● **SOURCE INFORMATION**:

# # # # # # #

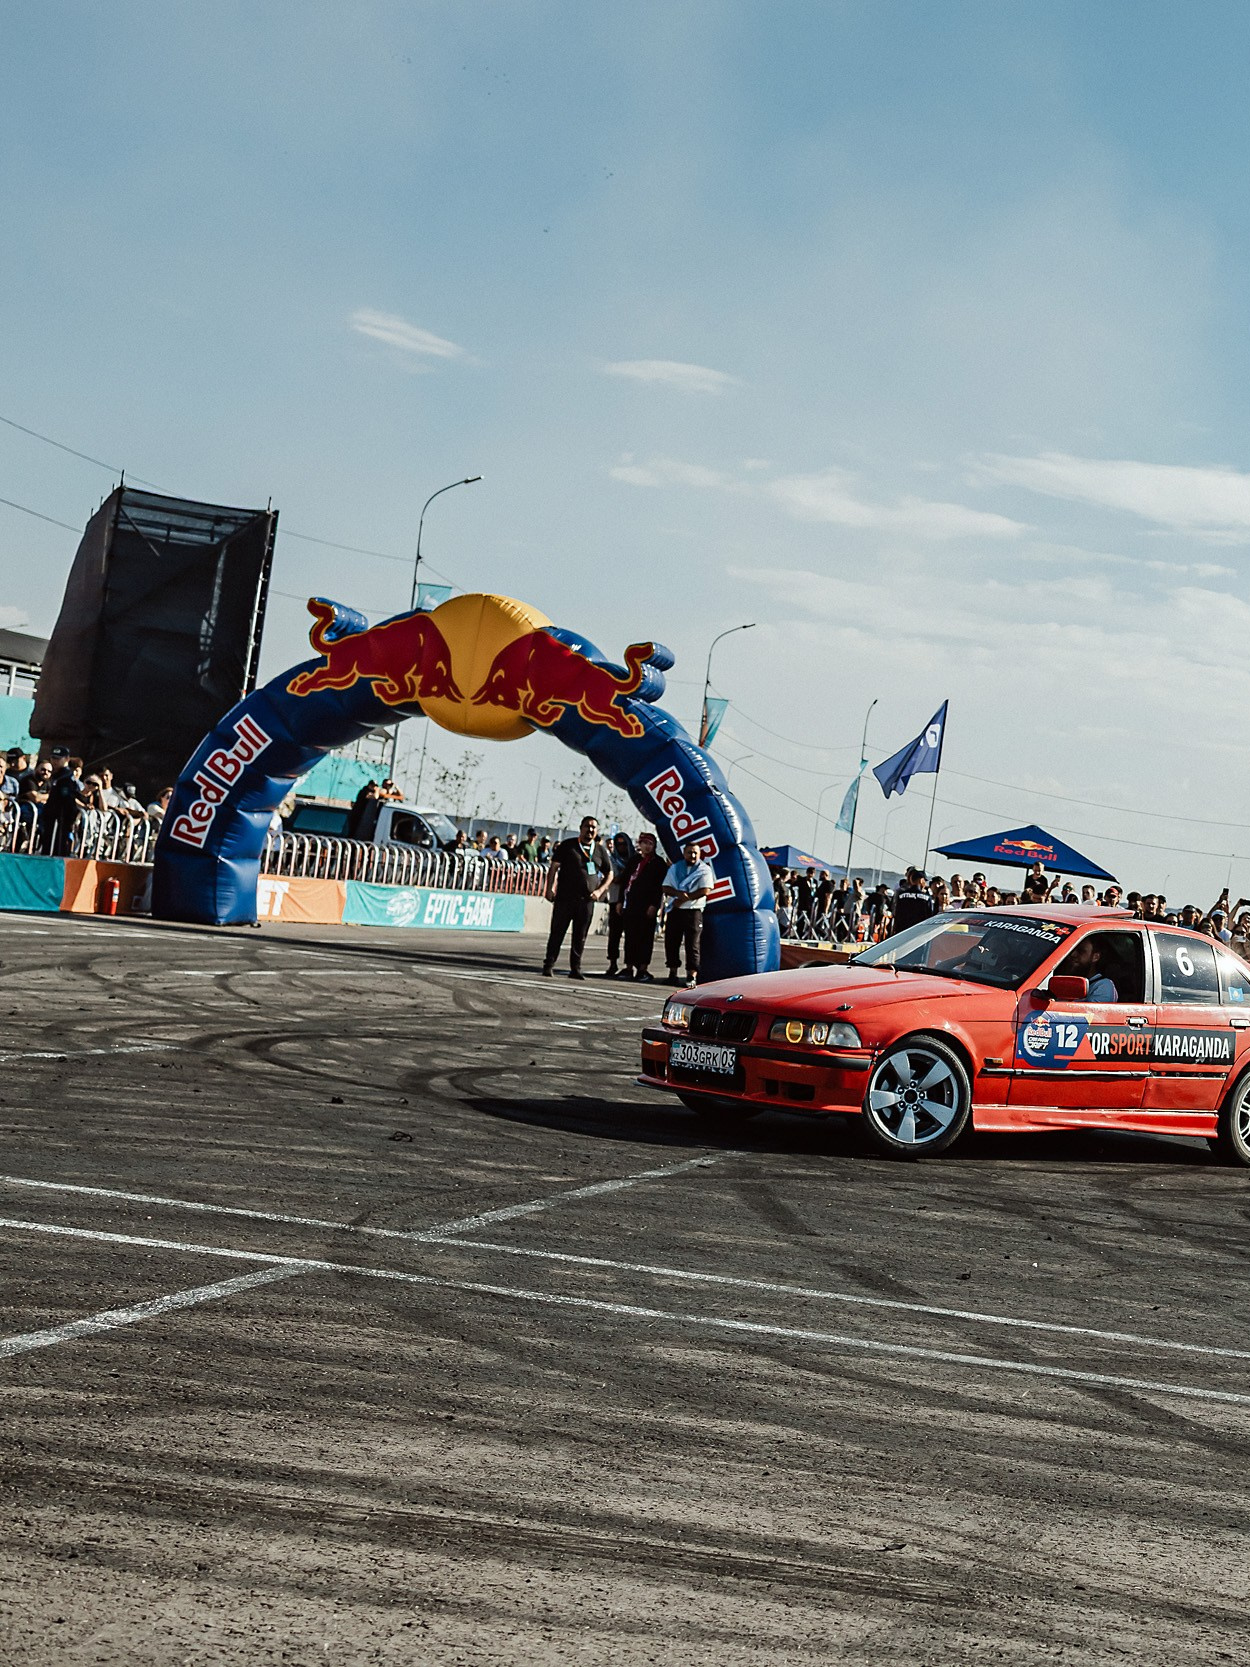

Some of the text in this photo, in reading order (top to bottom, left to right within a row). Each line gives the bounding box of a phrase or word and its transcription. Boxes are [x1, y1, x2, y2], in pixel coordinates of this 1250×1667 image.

[170, 714, 272, 849] Red Bull
[645, 765, 736, 904] Red Bll
[994, 845, 1057, 861] Red Bull
[984, 920, 1061, 944] KARAGANDA
[1175, 947, 1195, 977] 6
[1056, 1024, 1079, 1048] 12
[1154, 1034, 1230, 1059] KARAGANDA
[721, 1051, 735, 1068] 03
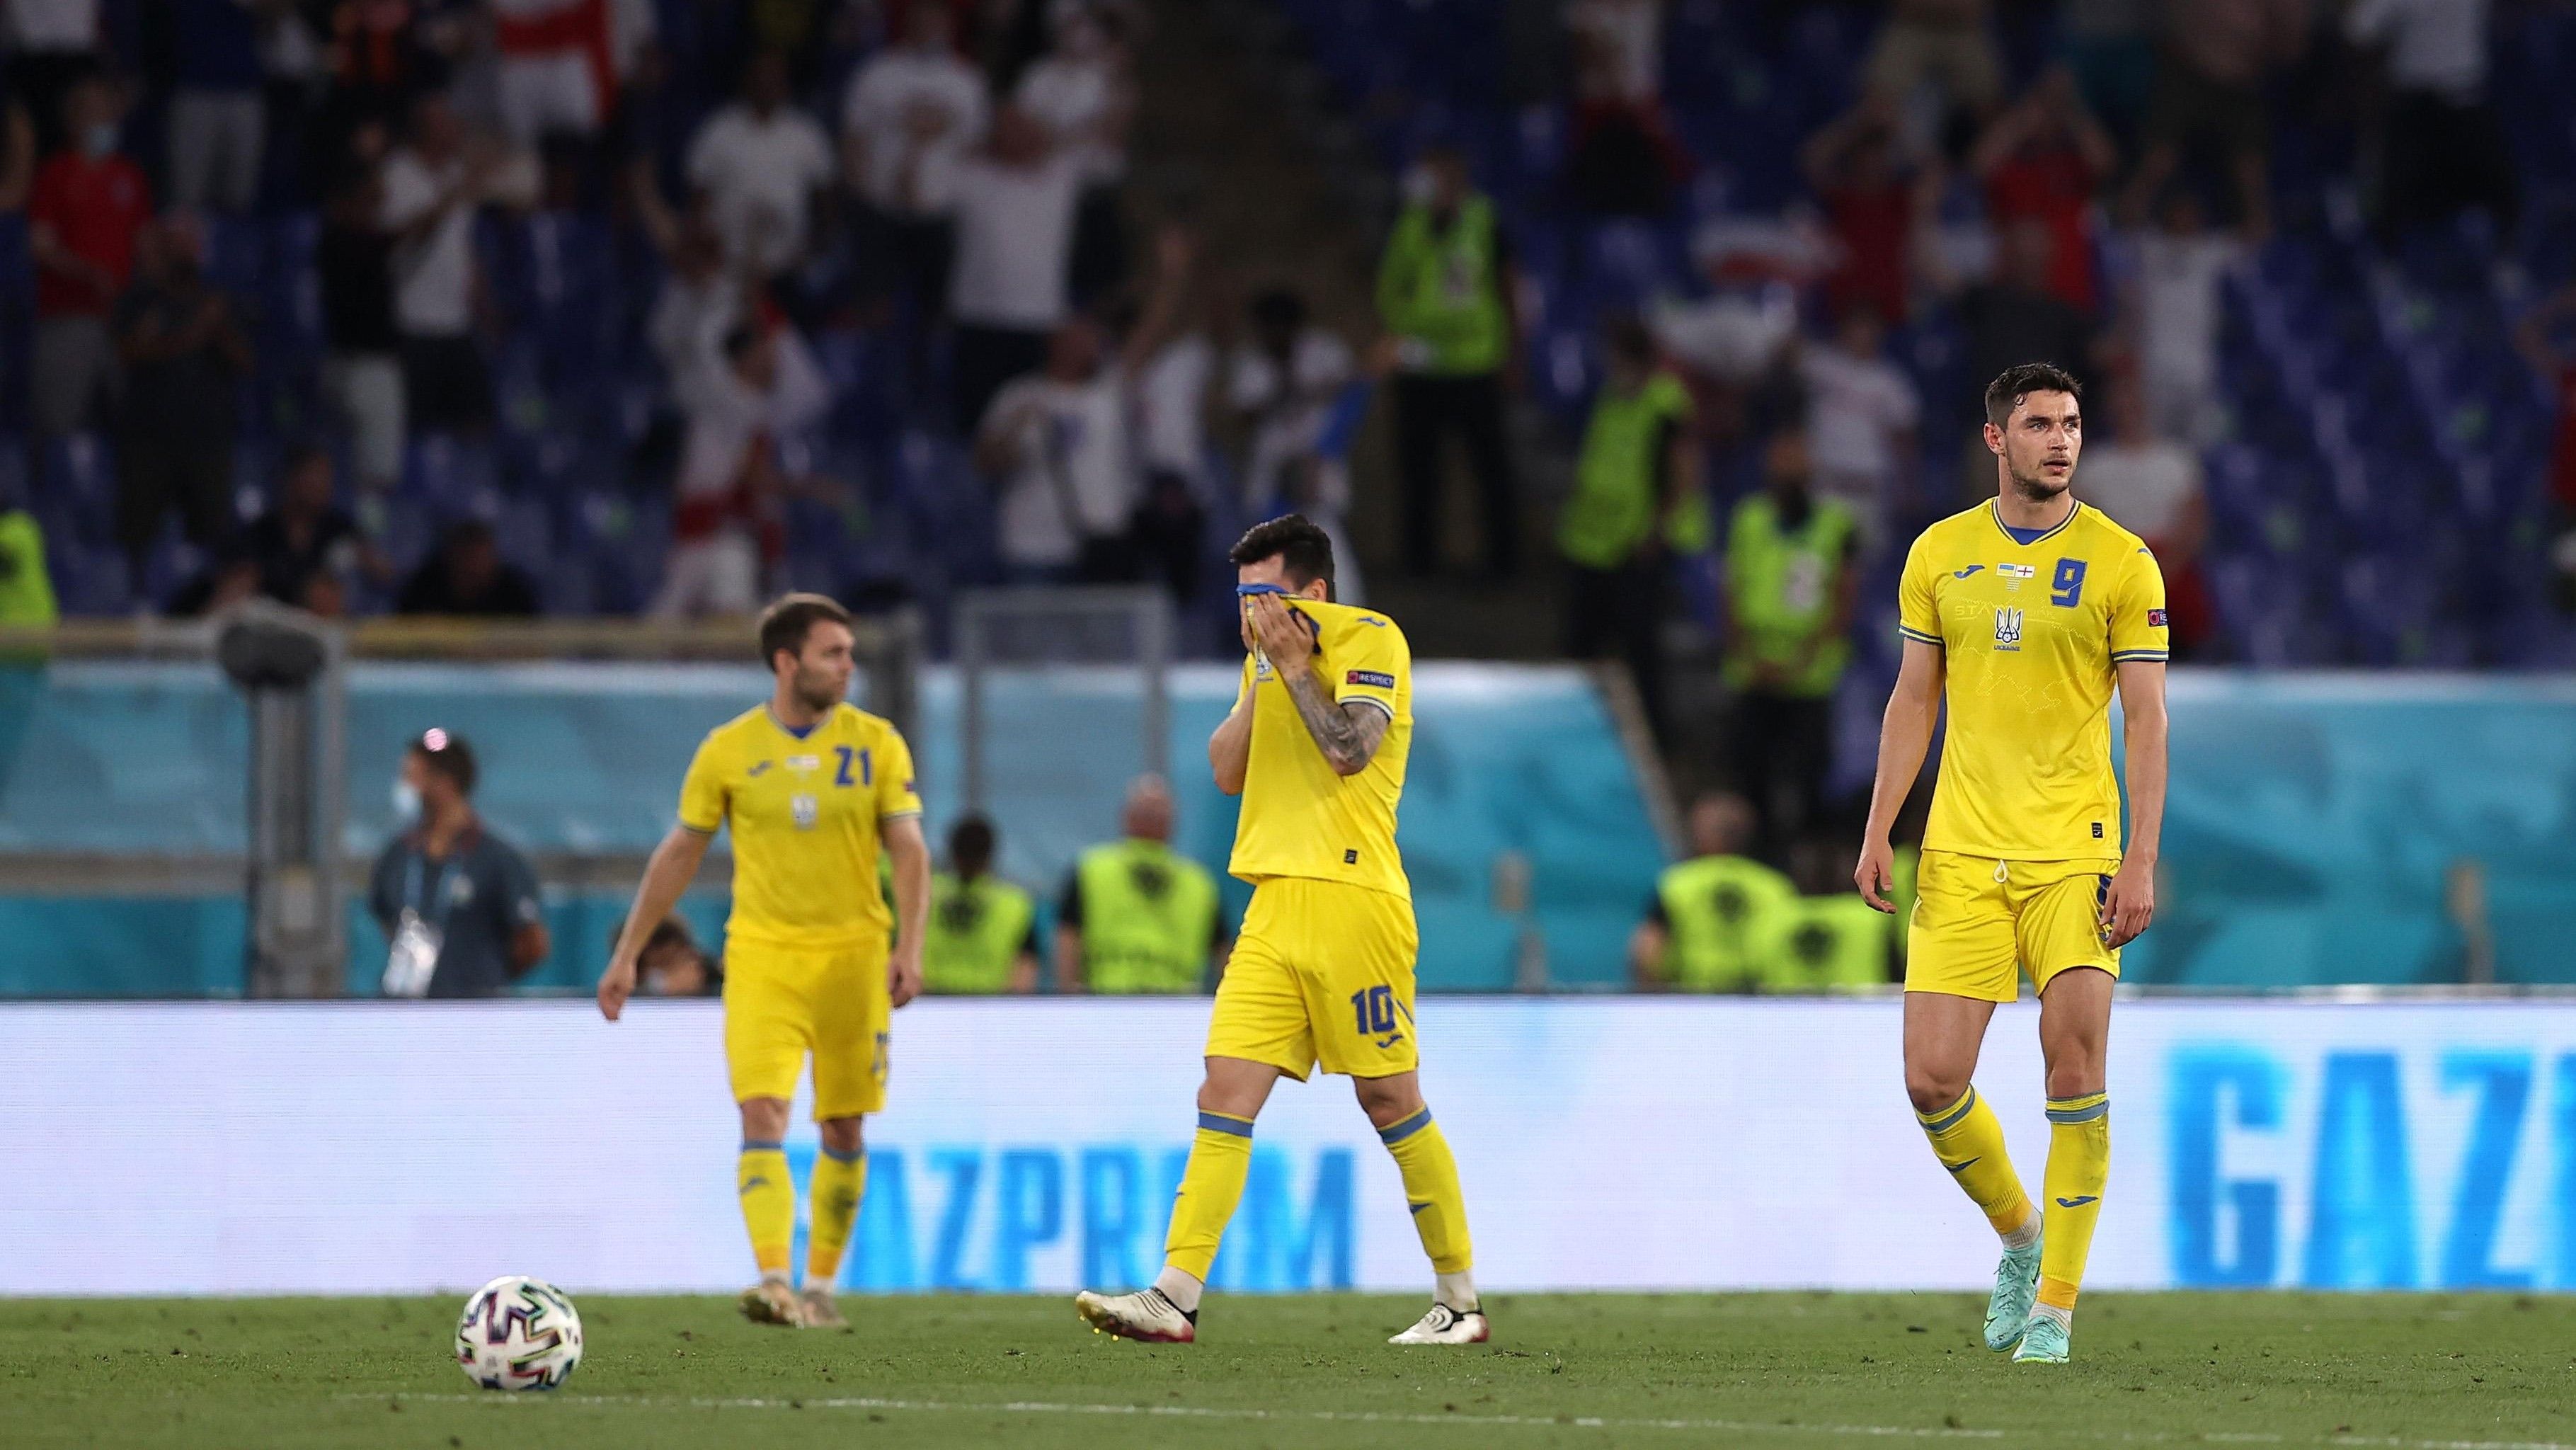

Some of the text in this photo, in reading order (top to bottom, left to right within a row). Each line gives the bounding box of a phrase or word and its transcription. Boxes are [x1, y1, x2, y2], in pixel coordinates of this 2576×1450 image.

[2050, 557, 2088, 609] 9
[835, 747, 871, 785] 21
[1350, 985, 1395, 1034] 10
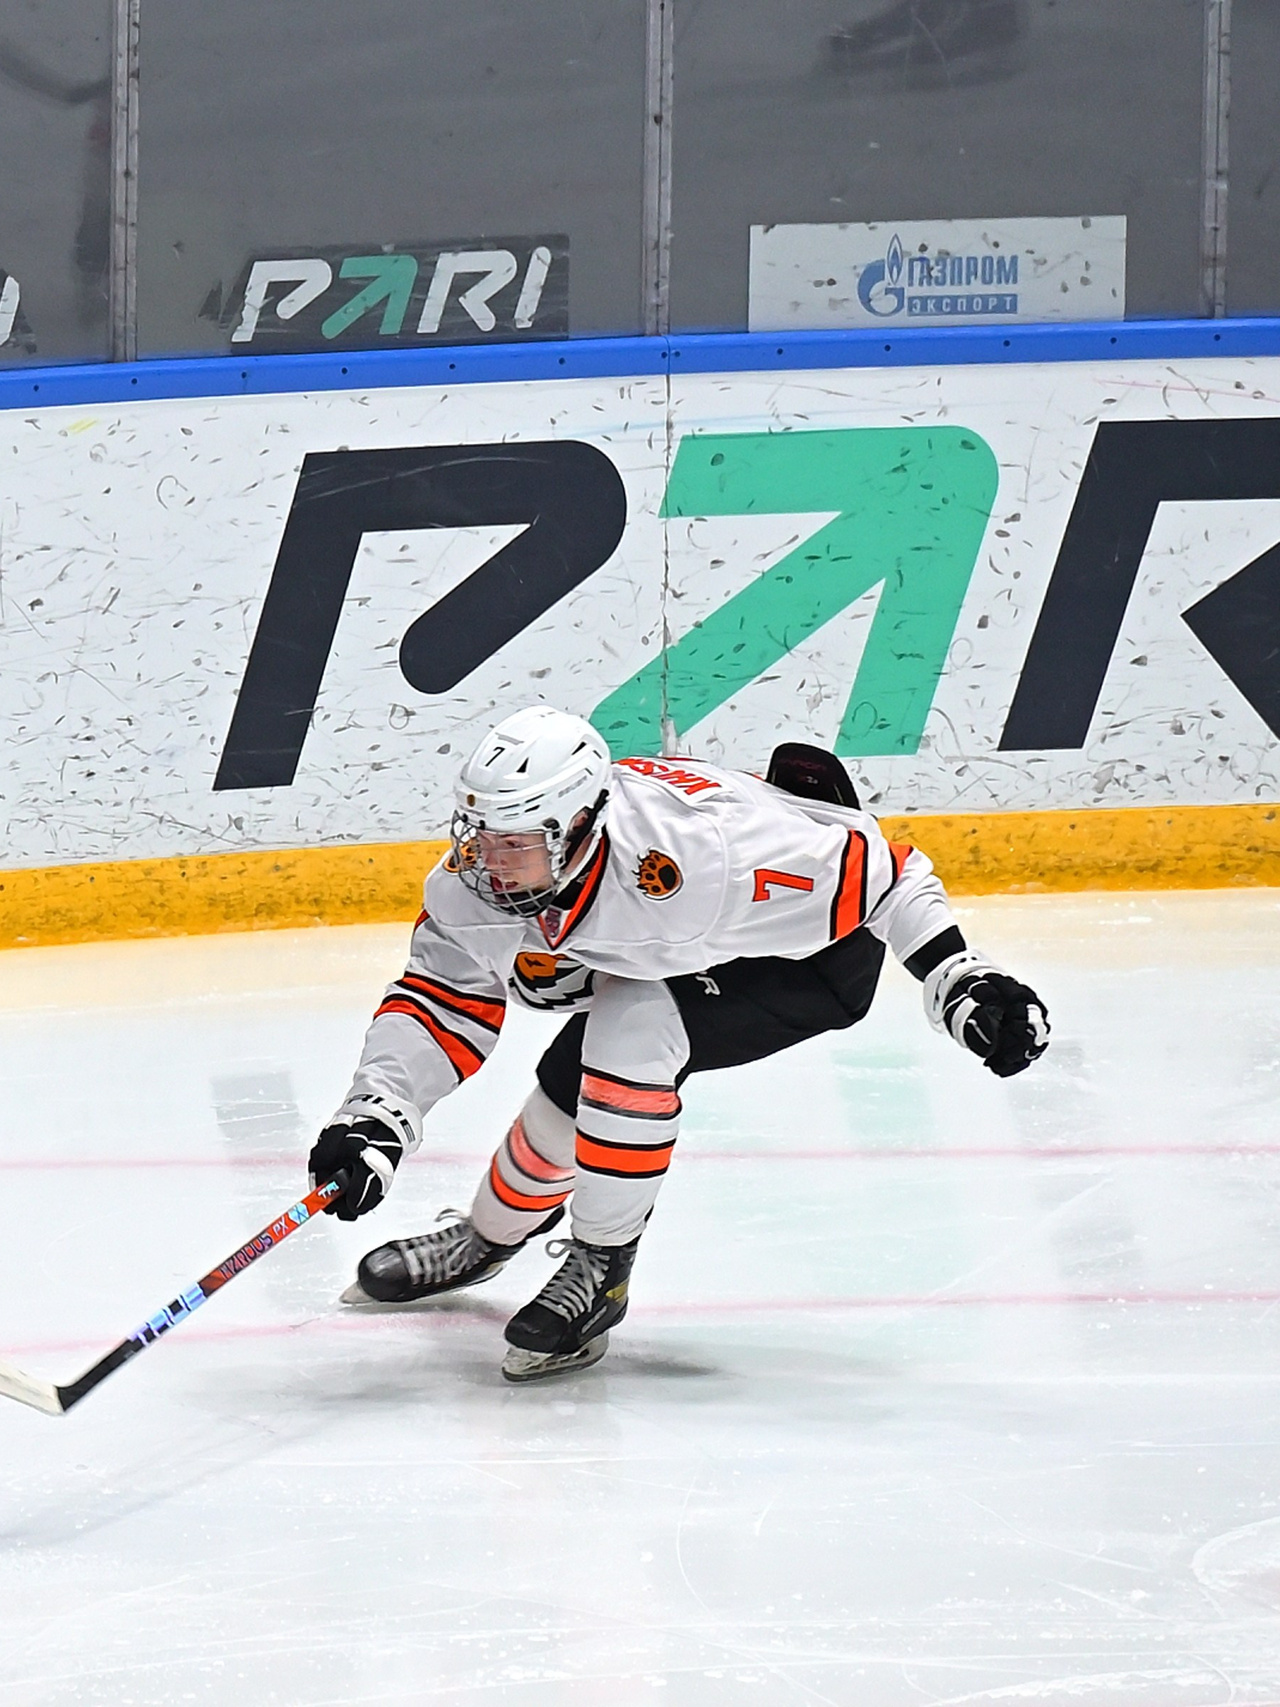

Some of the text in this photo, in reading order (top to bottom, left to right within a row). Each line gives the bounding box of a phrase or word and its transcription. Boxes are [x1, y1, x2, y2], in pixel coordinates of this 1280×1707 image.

# # # # # # #

● **WORK TO BE COMPLETED**: Print every record exactly, without the pictures.

● **OUTPUT FOR THIS TASK**:
Some of the text in this photo, in reading order (top to bottom, left to right within a row). Each line gives the bounding box of a phrase or word and its transcription. Boxes are [x1, y1, x2, y2], in pixel coordinates of this 1250×1667 image.

[170, 714, 272, 849] Red Bull
[645, 765, 736, 904] Red Bll
[994, 845, 1057, 861] Red Bull
[984, 920, 1061, 944] KARAGANDA
[1175, 947, 1195, 977] 6
[1056, 1024, 1079, 1048] 12
[1154, 1034, 1230, 1059] KARAGANDA
[721, 1051, 735, 1068] 03

Some of the text in this photo, in reading order (top to bottom, left to right within a row). Each line gives the bounding box of a phrase or word and its transcription. Boxes are [x1, y1, x2, y2], in pixel coordinates of this 2576×1450 image.

[2050, 557, 2088, 609] 9
[835, 747, 871, 785] 21
[1350, 985, 1395, 1034] 10

Some of the text in this photo, in reading order (top to bottom, left to right within a row). Each line gives the bounding box of a phrase or word and its transcription. Boxes are [x1, y1, x2, y2], in pixel coordinates of this 1280×1707 image.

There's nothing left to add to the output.